▶ YOUR ASSIGNMENT: Pictures do not belong in the copy; transcribe everything else in the records exactly.

▶ LISTED RECORDS:
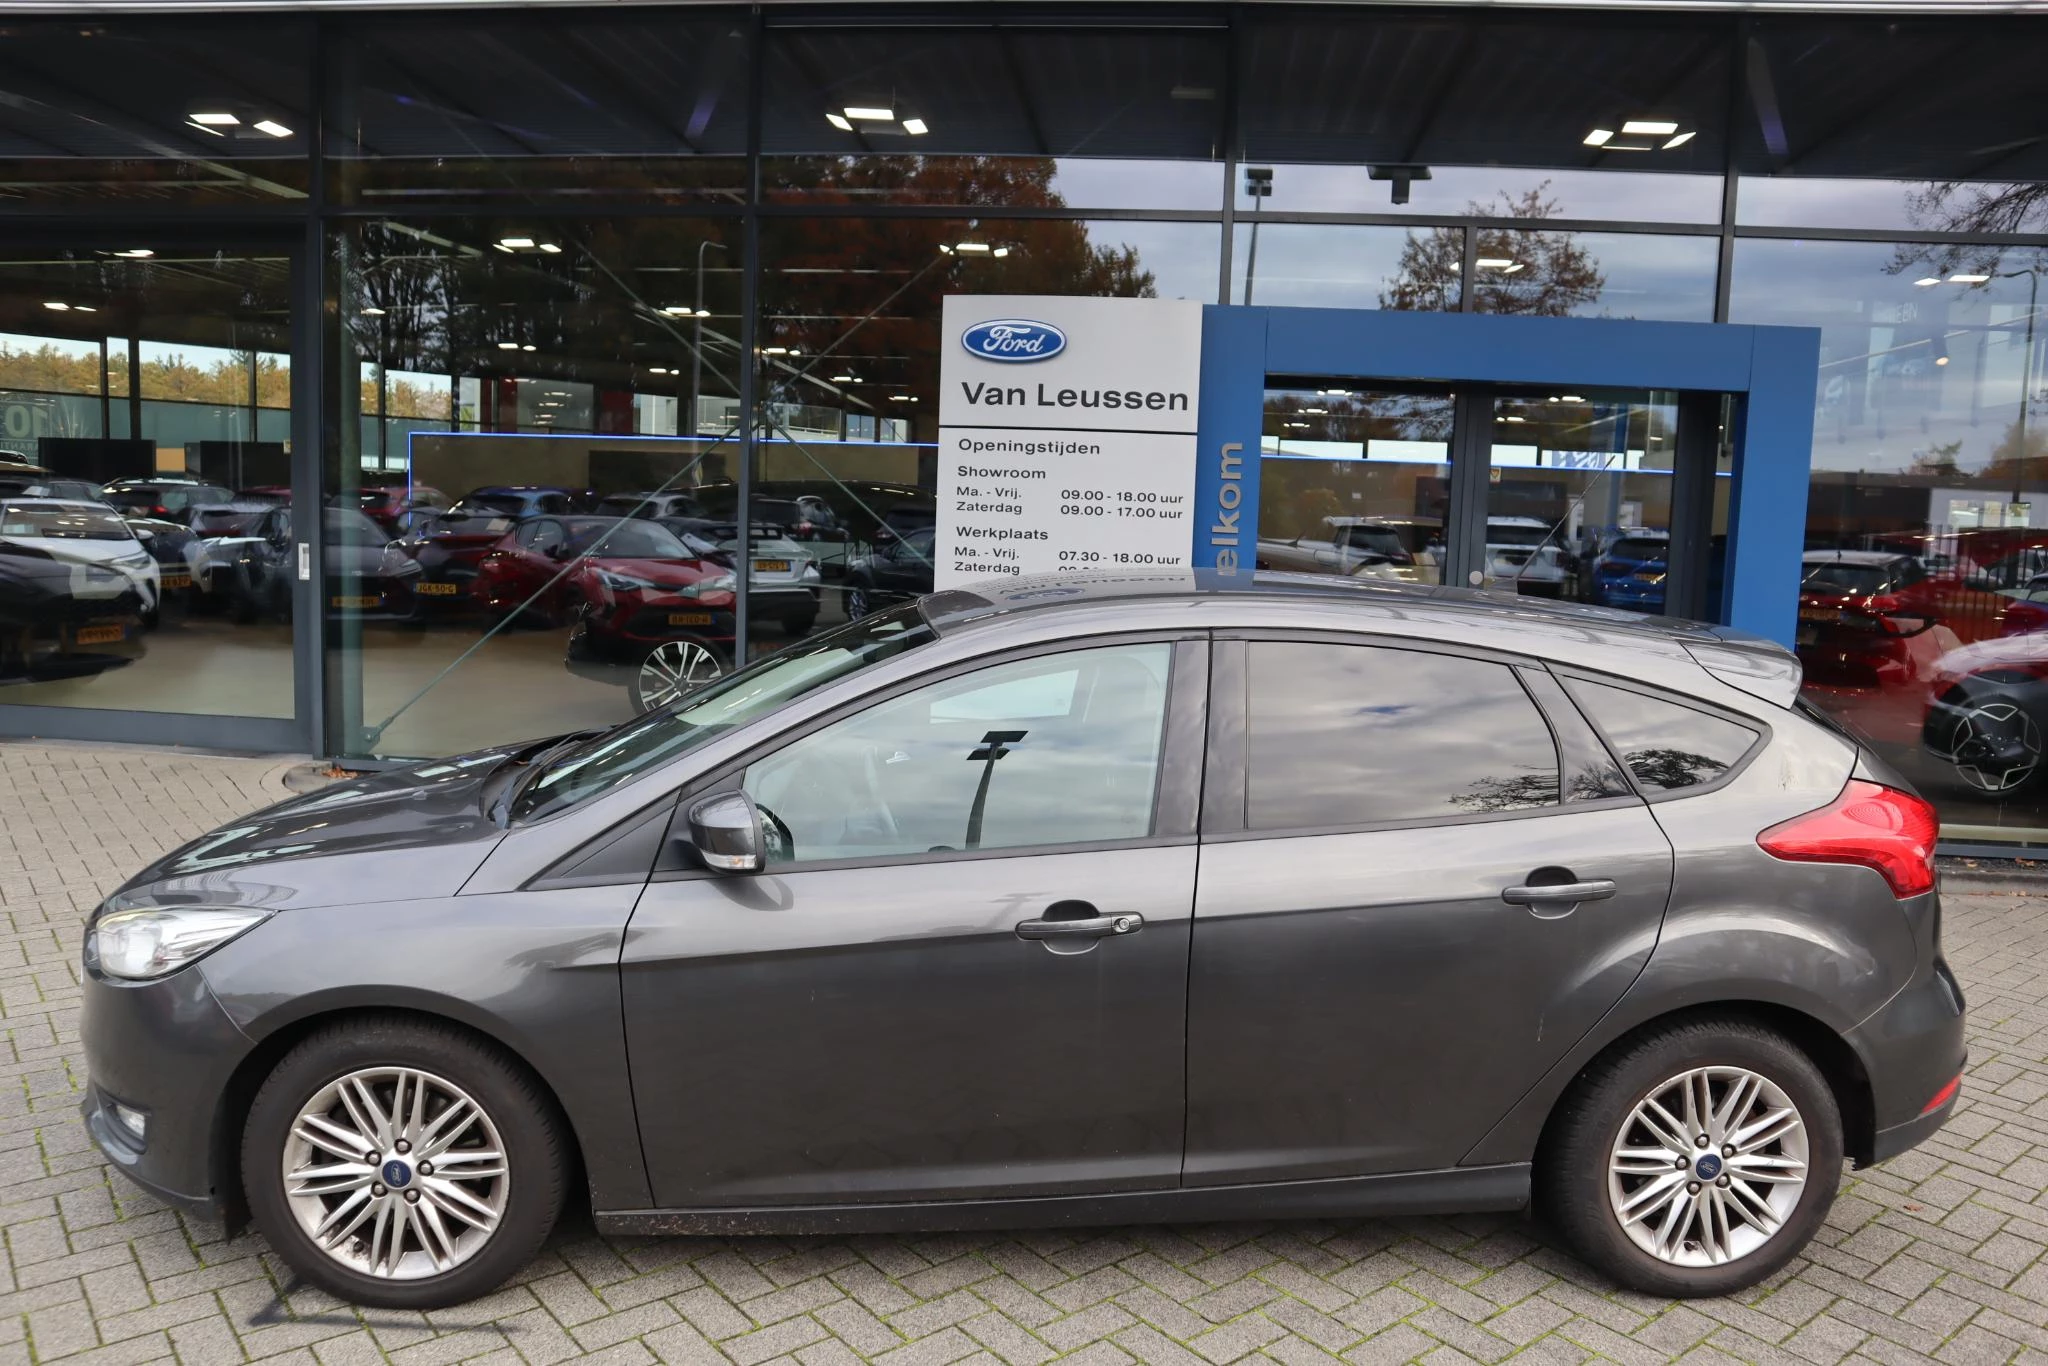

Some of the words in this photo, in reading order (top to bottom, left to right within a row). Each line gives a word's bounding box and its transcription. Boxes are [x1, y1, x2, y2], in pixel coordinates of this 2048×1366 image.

[983, 325, 1046, 352] Ford
[961, 382, 1026, 406] Van
[1037, 383, 1188, 411] Leussen
[958, 438, 1101, 456] Openingstijden
[957, 465, 1046, 479] Showroom
[956, 486, 983, 497] Ma.
[995, 487, 1022, 500] Vrij.
[1061, 489, 1104, 501] 09.00
[1117, 491, 1157, 503] 18.00
[1161, 495, 1184, 504] uur
[956, 501, 1022, 516] Zaterdag
[1060, 504, 1104, 516] 09.00
[1117, 506, 1156, 518] 17.00
[1159, 510, 1183, 519] uur
[956, 526, 1048, 541] Werkplaats
[954, 546, 981, 557] Ma.
[993, 548, 1020, 561] Vrij.
[1058, 550, 1100, 562] 07.30
[1113, 552, 1154, 564] 18.00
[1157, 556, 1181, 565] uur
[954, 561, 1020, 576] Zaterdag

▶ EXERCISE RESULT:
Some of the words in this photo, in reading order (top to bottom, left to right within a row). Each line gives a word's bounding box and its transcription. Boxes are [x1, y1, x2, y2], in pixel coordinates of this 2048×1366 image.

[983, 325, 1046, 352] Ford
[961, 382, 1026, 406] Van
[1037, 383, 1188, 411] Leussen
[958, 438, 1101, 456] Openingstijden
[957, 465, 1046, 479] Showroom
[956, 486, 983, 497] Ma.
[995, 487, 1022, 500] Vrij.
[1061, 489, 1104, 501] 09.00
[1117, 491, 1157, 503] 18.00
[1161, 495, 1184, 504] uur
[956, 501, 1022, 516] Zaterdag
[1060, 504, 1104, 516] 09.00
[1117, 506, 1156, 518] 17.00
[1159, 510, 1183, 519] uur
[956, 526, 1048, 541] Werkplaats
[954, 546, 981, 557] Ma.
[993, 548, 1020, 561] Vrij.
[1058, 550, 1100, 562] 07.30
[1113, 552, 1154, 564] 18.00
[1157, 556, 1181, 565] uur
[954, 561, 1020, 576] Zaterdag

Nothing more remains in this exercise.